### Task statement
A verbatim reproduction of all the entries is needed.

Records excerpted from a collection:
# # #

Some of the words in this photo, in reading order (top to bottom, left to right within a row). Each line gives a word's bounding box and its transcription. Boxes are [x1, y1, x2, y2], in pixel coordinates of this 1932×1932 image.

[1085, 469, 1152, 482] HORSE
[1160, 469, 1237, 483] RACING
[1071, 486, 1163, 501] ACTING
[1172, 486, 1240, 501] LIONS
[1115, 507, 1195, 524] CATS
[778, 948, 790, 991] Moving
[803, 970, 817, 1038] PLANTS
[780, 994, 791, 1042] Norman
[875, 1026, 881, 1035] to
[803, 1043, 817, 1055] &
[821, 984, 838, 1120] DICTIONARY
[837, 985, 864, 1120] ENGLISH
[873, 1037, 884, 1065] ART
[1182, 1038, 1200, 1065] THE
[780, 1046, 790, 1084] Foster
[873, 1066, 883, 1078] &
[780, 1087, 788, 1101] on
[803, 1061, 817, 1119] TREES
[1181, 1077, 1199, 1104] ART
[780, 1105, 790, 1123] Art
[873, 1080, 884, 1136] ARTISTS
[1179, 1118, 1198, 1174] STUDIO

# # #

### Task solution
Some of the words in this photo, in reading order (top to bottom, left to right within a row). Each line gives a word's bounding box and its transcription. Boxes are [x1, y1, x2, y2], in pixel coordinates of this 1932×1932 image.

[1085, 469, 1152, 482] HORSE
[1160, 469, 1237, 483] RACING
[1071, 486, 1163, 501] ACTING
[1172, 486, 1240, 501] LIONS
[1115, 507, 1195, 524] CATS
[778, 948, 790, 991] Moving
[803, 970, 817, 1038] PLANTS
[780, 994, 791, 1042] Norman
[875, 1026, 881, 1035] to
[803, 1043, 817, 1055] &
[821, 984, 838, 1120] DICTIONARY
[837, 985, 864, 1120] ENGLISH
[873, 1037, 884, 1065] ART
[1182, 1038, 1200, 1065] THE
[780, 1046, 790, 1084] Foster
[873, 1066, 883, 1078] &
[780, 1087, 788, 1101] on
[803, 1061, 817, 1119] TREES
[1181, 1077, 1199, 1104] ART
[780, 1105, 790, 1123] Art
[873, 1080, 884, 1136] ARTISTS
[1179, 1118, 1198, 1174] STUDIO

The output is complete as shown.